> RECORDS FOR THE TASK
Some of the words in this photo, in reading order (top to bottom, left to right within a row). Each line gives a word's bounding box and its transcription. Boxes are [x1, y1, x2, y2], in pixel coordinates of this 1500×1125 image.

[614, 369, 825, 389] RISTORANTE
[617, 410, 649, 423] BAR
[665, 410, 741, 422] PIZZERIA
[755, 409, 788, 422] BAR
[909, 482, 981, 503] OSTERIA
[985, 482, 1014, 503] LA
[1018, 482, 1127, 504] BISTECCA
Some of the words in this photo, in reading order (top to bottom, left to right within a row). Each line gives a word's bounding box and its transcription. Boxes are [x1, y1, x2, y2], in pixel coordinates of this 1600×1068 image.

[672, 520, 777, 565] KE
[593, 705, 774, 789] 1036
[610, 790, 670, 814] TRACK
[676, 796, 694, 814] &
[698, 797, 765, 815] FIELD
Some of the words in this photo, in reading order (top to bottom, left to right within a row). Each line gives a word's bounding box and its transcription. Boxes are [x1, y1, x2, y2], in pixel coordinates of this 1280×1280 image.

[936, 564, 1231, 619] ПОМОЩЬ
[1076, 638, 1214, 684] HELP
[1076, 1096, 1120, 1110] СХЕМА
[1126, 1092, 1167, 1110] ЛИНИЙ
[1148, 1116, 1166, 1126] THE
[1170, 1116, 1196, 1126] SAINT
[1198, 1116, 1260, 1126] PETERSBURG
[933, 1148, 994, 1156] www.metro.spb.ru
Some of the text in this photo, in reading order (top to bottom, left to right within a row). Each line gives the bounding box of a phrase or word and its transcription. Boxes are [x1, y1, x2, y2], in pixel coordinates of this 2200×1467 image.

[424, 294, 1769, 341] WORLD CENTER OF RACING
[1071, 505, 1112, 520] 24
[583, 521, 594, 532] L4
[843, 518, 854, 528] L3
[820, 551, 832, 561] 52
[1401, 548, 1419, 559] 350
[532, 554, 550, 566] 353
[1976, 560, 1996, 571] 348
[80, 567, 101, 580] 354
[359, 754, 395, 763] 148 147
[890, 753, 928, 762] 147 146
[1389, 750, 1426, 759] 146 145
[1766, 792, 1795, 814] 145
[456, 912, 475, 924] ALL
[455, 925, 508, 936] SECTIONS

> WHAT IS BEING ASKED
Copy out all the entries shown above, character for character.

> ANSWER
Some of the words in this photo, in reading order (top to bottom, left to right within a row). Each line gives a word's bounding box and its transcription. Boxes are [x1, y1, x2, y2], in pixel coordinates of this 1500×1125 image.

[614, 369, 825, 389] RISTORANTE
[617, 410, 649, 423] BAR
[665, 410, 741, 422] PIZZERIA
[755, 409, 788, 422] BAR
[909, 482, 981, 503] OSTERIA
[985, 482, 1014, 503] LA
[1018, 482, 1127, 504] BISTECCA
Some of the words in this photo, in reading order (top to bottom, left to right within a row). Each line gives a word's bounding box and its transcription. Boxes are [x1, y1, x2, y2], in pixel coordinates of this 1600×1068 image.

[672, 520, 777, 565] KE
[593, 705, 774, 789] 1036
[610, 790, 670, 814] TRACK
[676, 796, 694, 814] &
[698, 797, 765, 815] FIELD
Some of the words in this photo, in reading order (top to bottom, left to right within a row). Each line gives a word's bounding box and its transcription. Boxes are [x1, y1, x2, y2], in pixel coordinates of this 1280×1280 image.

[936, 564, 1231, 619] ПОМОЩЬ
[1076, 638, 1214, 684] HELP
[1076, 1096, 1120, 1110] СХЕМА
[1126, 1092, 1167, 1110] ЛИНИЙ
[1148, 1116, 1166, 1126] THE
[1170, 1116, 1196, 1126] SAINT
[1198, 1116, 1260, 1126] PETERSBURG
[933, 1148, 994, 1156] www.metro.spb.ru
Some of the text in this photo, in reading order (top to bottom, left to right within a row). Each line gives the bounding box of a phrase or word and its transcription. Boxes are [x1, y1, x2, y2], in pixel coordinates of this 2200×1467 image.

[424, 294, 1769, 341] WORLD CENTER OF RACING
[1071, 505, 1112, 520] 24
[583, 521, 594, 532] L4
[843, 518, 854, 528] L3
[820, 551, 832, 561] 52
[1401, 548, 1419, 559] 350
[532, 554, 550, 566] 353
[1976, 560, 1996, 571] 348
[80, 567, 101, 580] 354
[359, 754, 395, 763] 148 147
[890, 753, 928, 762] 147 146
[1389, 750, 1426, 759] 146 145
[1766, 792, 1795, 814] 145
[456, 912, 475, 924] ALL
[455, 925, 508, 936] SECTIONS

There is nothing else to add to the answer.